WHAT IS EXPECTED: Reproduce each line of the material exactly, minus any picture.

══════

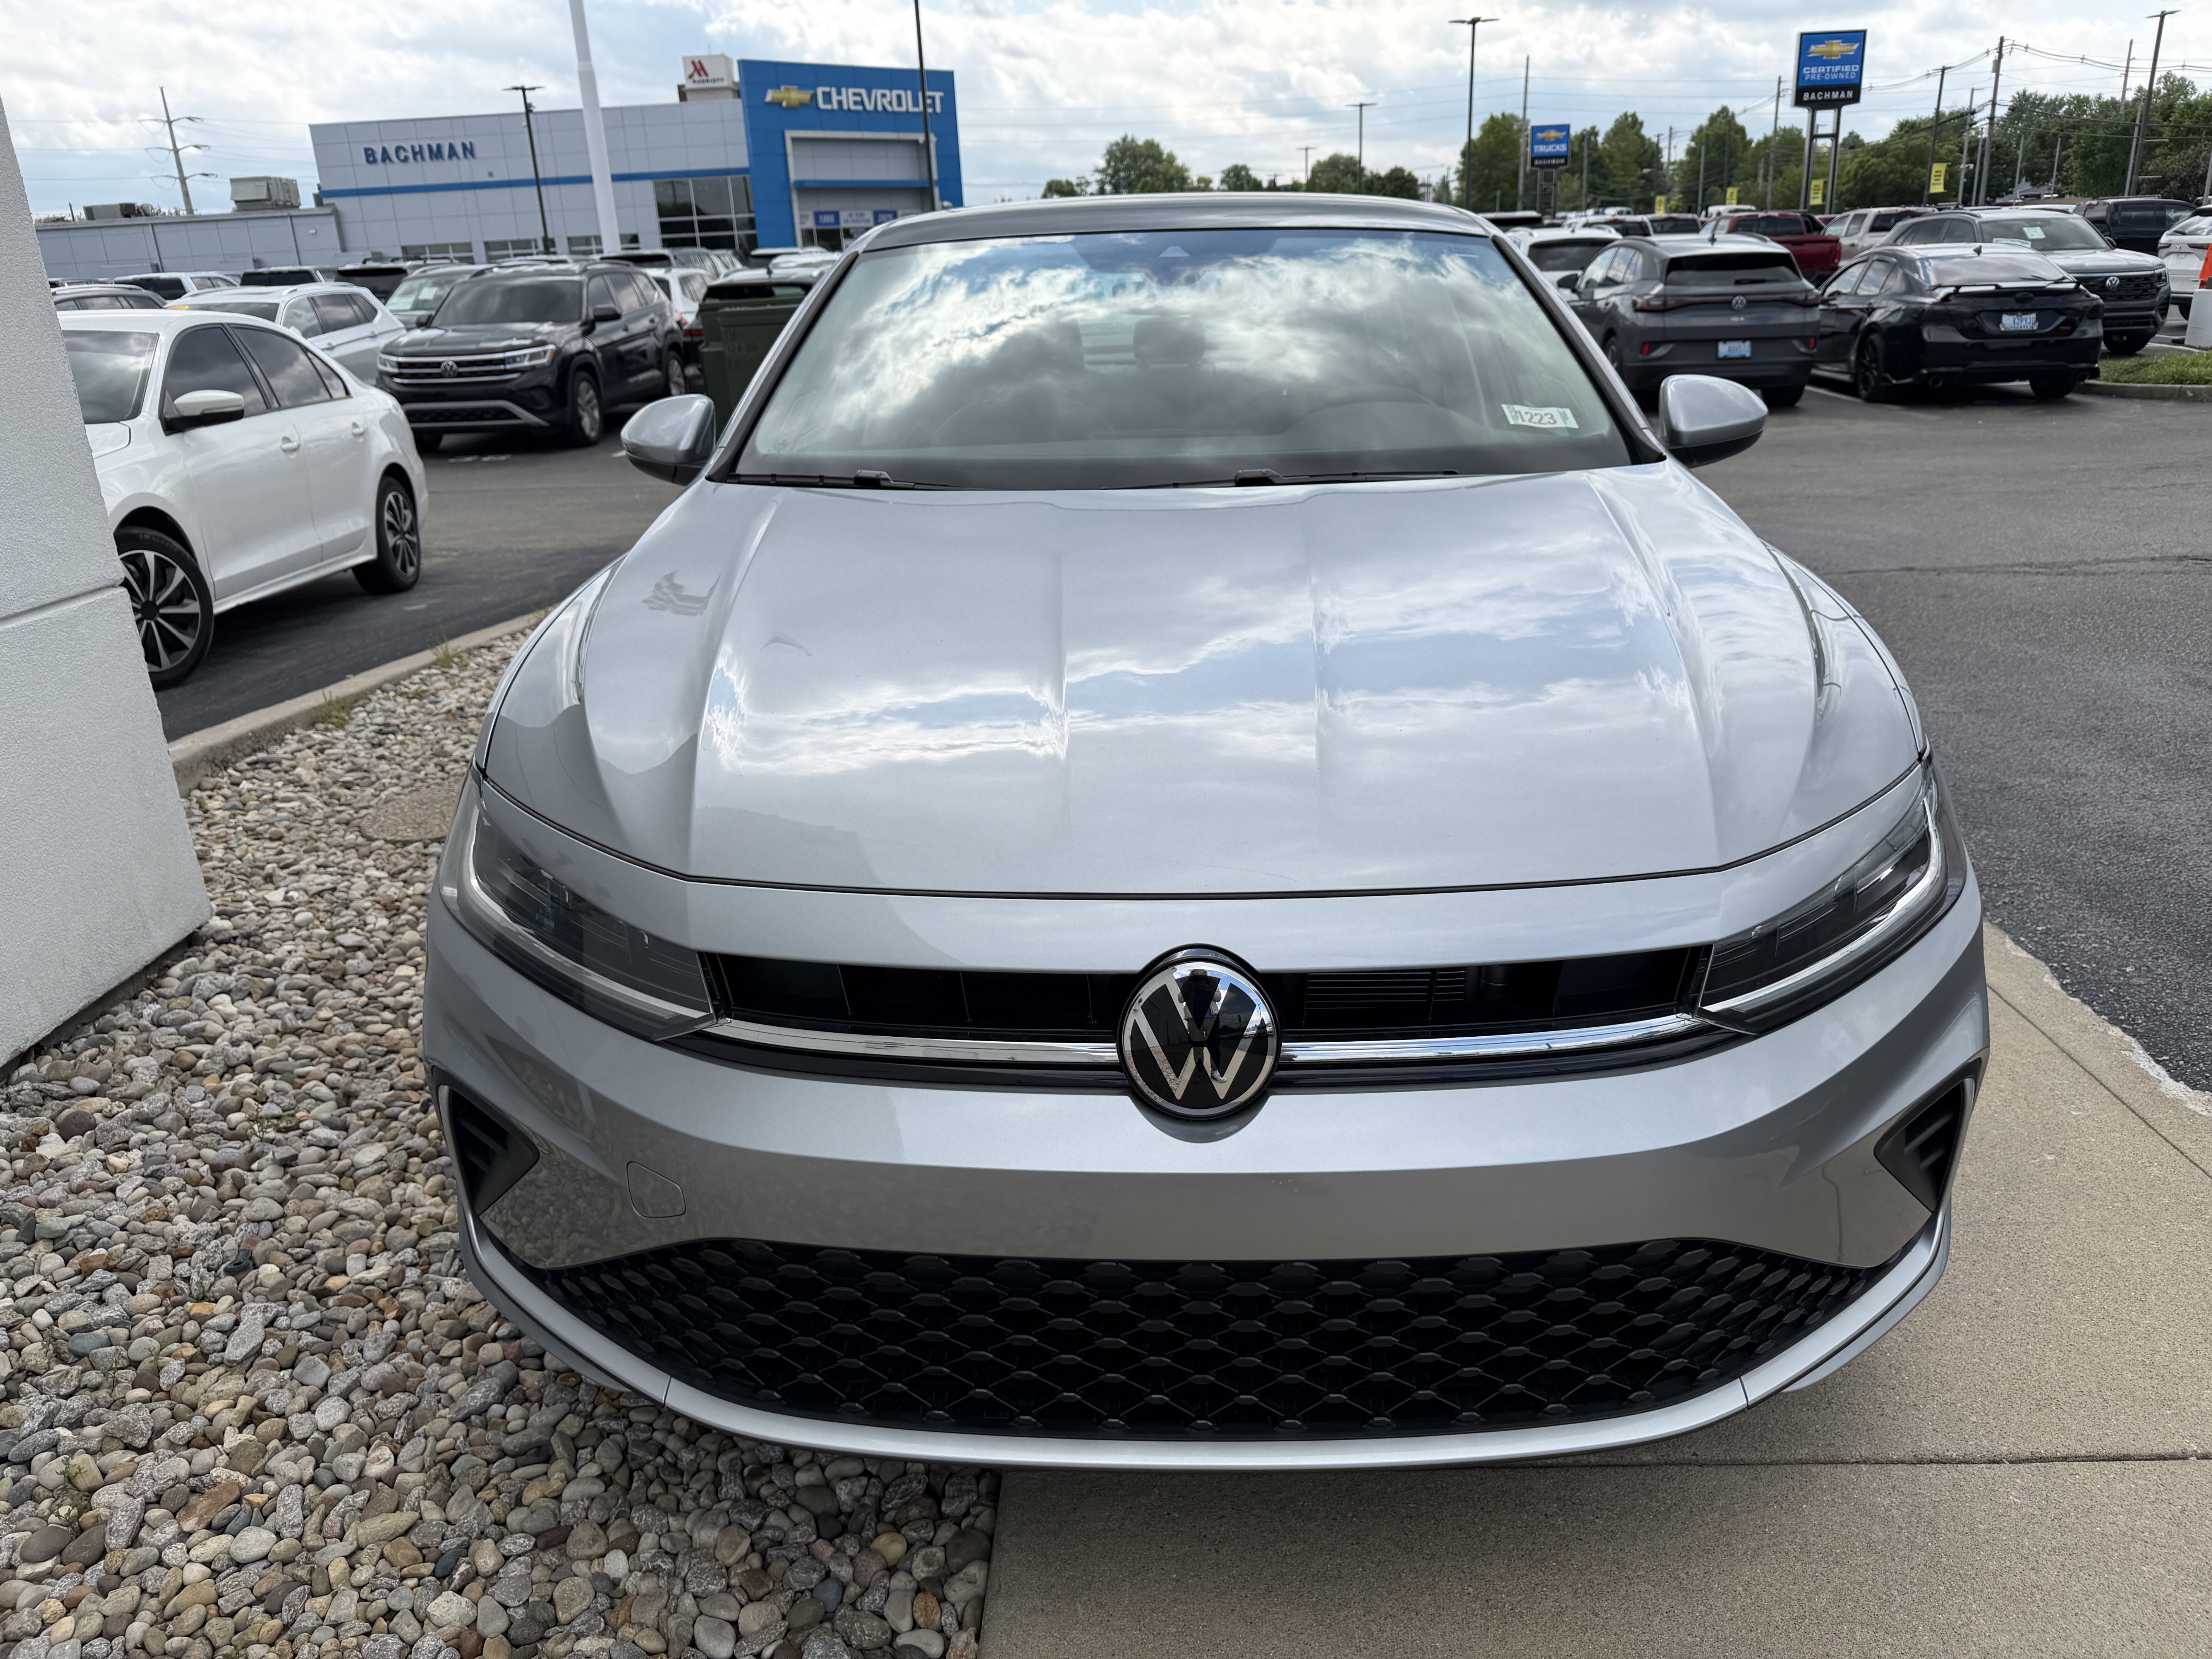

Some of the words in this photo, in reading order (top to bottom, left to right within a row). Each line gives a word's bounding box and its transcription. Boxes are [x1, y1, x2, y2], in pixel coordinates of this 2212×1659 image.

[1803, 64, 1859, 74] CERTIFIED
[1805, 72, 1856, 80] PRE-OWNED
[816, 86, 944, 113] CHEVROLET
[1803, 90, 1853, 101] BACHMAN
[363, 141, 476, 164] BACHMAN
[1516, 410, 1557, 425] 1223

══════

SOLUTION TO THIS TASK:
Some of the words in this photo, in reading order (top to bottom, left to right within a row). Each line gives a word's bounding box and its transcription. Boxes are [x1, y1, x2, y2], in pixel coordinates of this 2212×1659 image.

[1803, 64, 1859, 74] CERTIFIED
[1805, 72, 1856, 80] PRE-OWNED
[816, 86, 944, 113] CHEVROLET
[1803, 90, 1853, 101] BACHMAN
[363, 141, 476, 164] BACHMAN
[1516, 410, 1557, 425] 1223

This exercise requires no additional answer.